Elles furent aussi une source d’inspiration pour les arts plastiques, et cela très tôt déjà : témoin les « tempérances » sculptées des cathédrales (cette vertu cardinale est toujours représentée par une femme portant une horloge) ou de nombreuses gravures et miniatures des XVe et XVIe siècles. Déjà l’art populaire s’en était emparé pour en tirer abondamment parti.

« L’horloger » image tirée du livre allemand de vulgarisation de J.P. Voit sur les métiers (fin XVIIIème siècle)

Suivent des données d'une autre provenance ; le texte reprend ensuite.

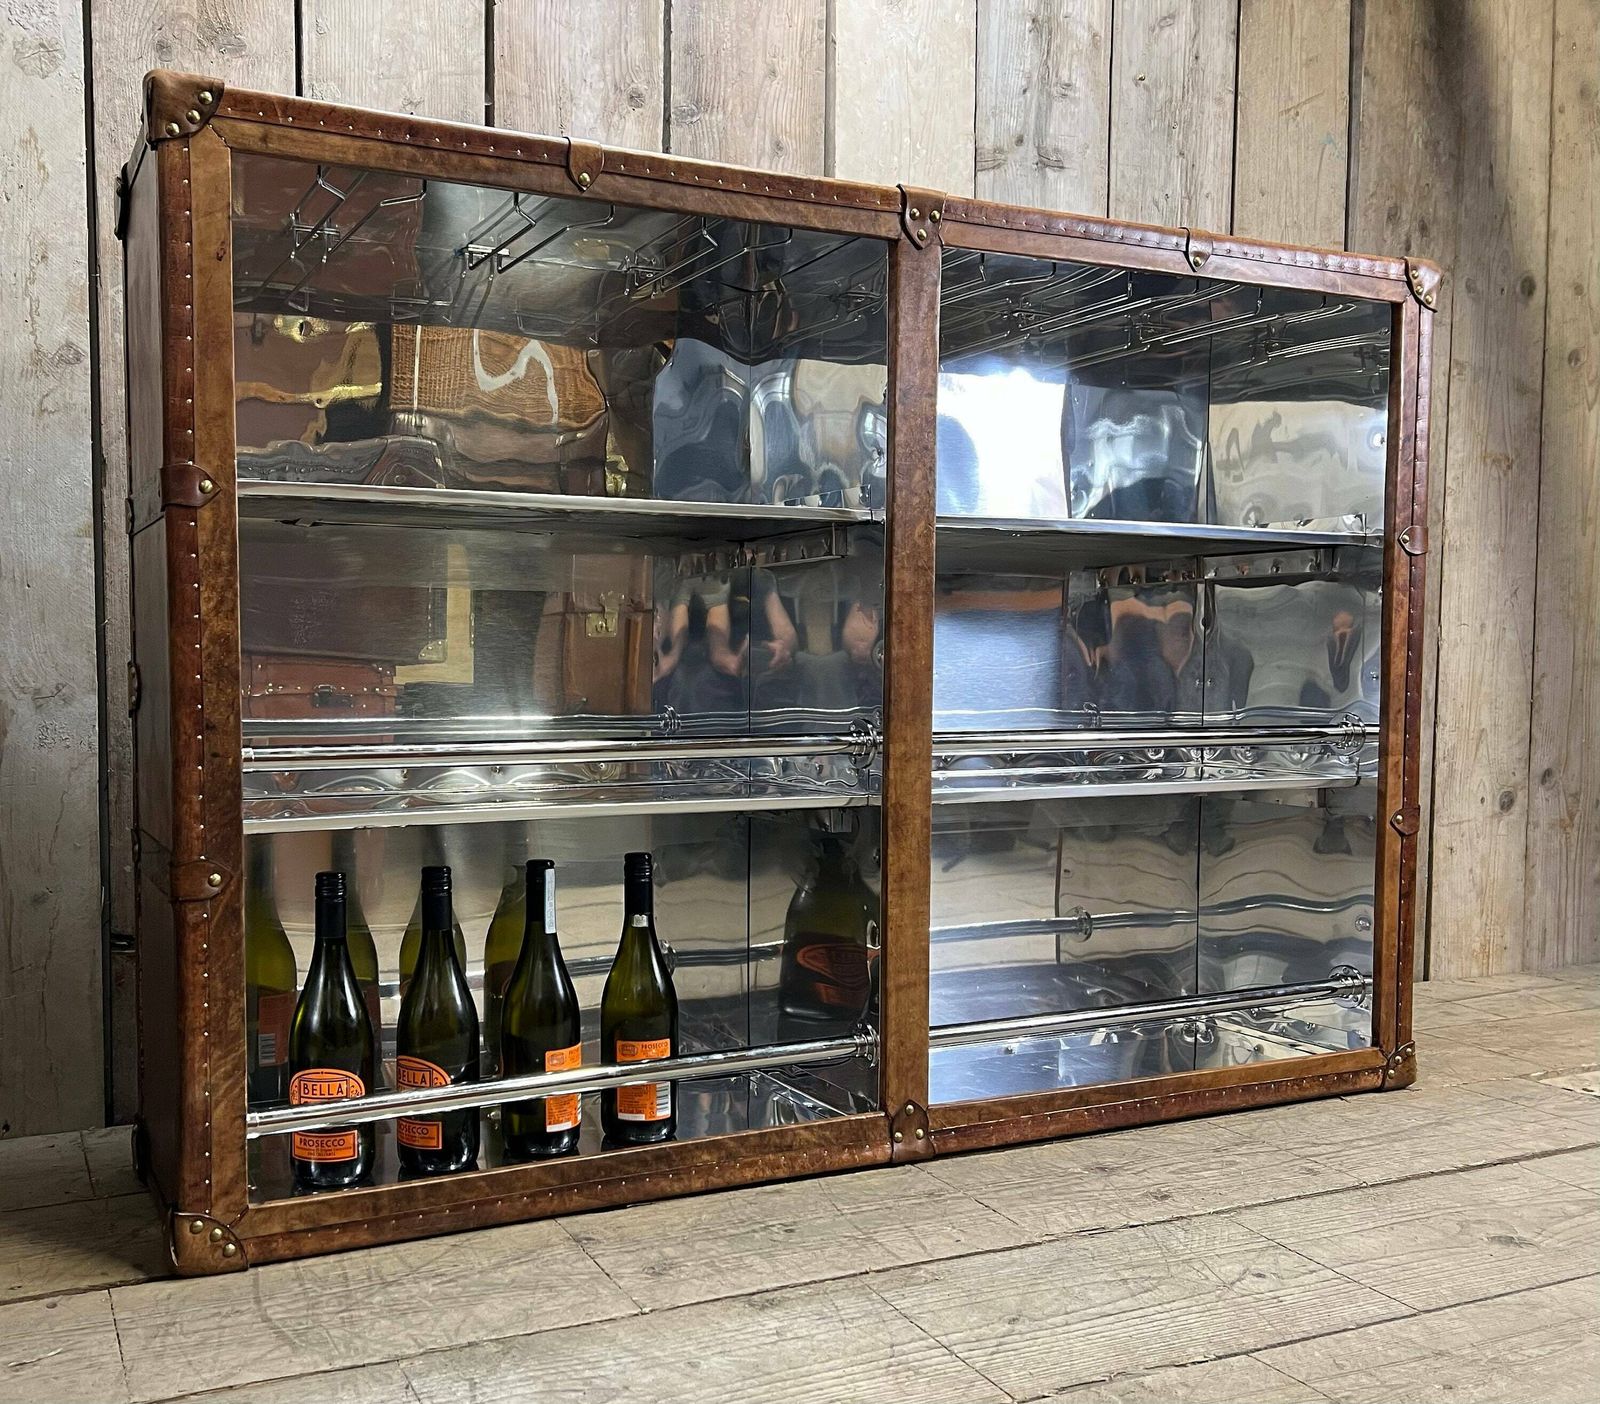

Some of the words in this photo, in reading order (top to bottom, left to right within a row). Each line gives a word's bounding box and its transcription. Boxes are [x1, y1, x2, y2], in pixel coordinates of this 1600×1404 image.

[303, 1083, 344, 1096] BELLA
[398, 1123, 430, 1136] OSECCO
[299, 1138, 346, 1148] PROSECCO

Art populaire ? Il n’y a rien de péjoratif dans ce terme. L’art est « un » et ne comporte pas de hiérarchie, ou plutôt celle-ci n’est que dans la valeur des œuvres. 
Cependant, parmi les artistes, ce sont surtout ceux que l’on a appelés les petits maîtres (dessinateurs et graveurs en particulier) qui ont eu recours à l’horlogerie sous une forme, soit anecdotique ou descriptive presque toujours savoureuse, soit caricaturale ou symbolique, voire romanesque et sentimentale.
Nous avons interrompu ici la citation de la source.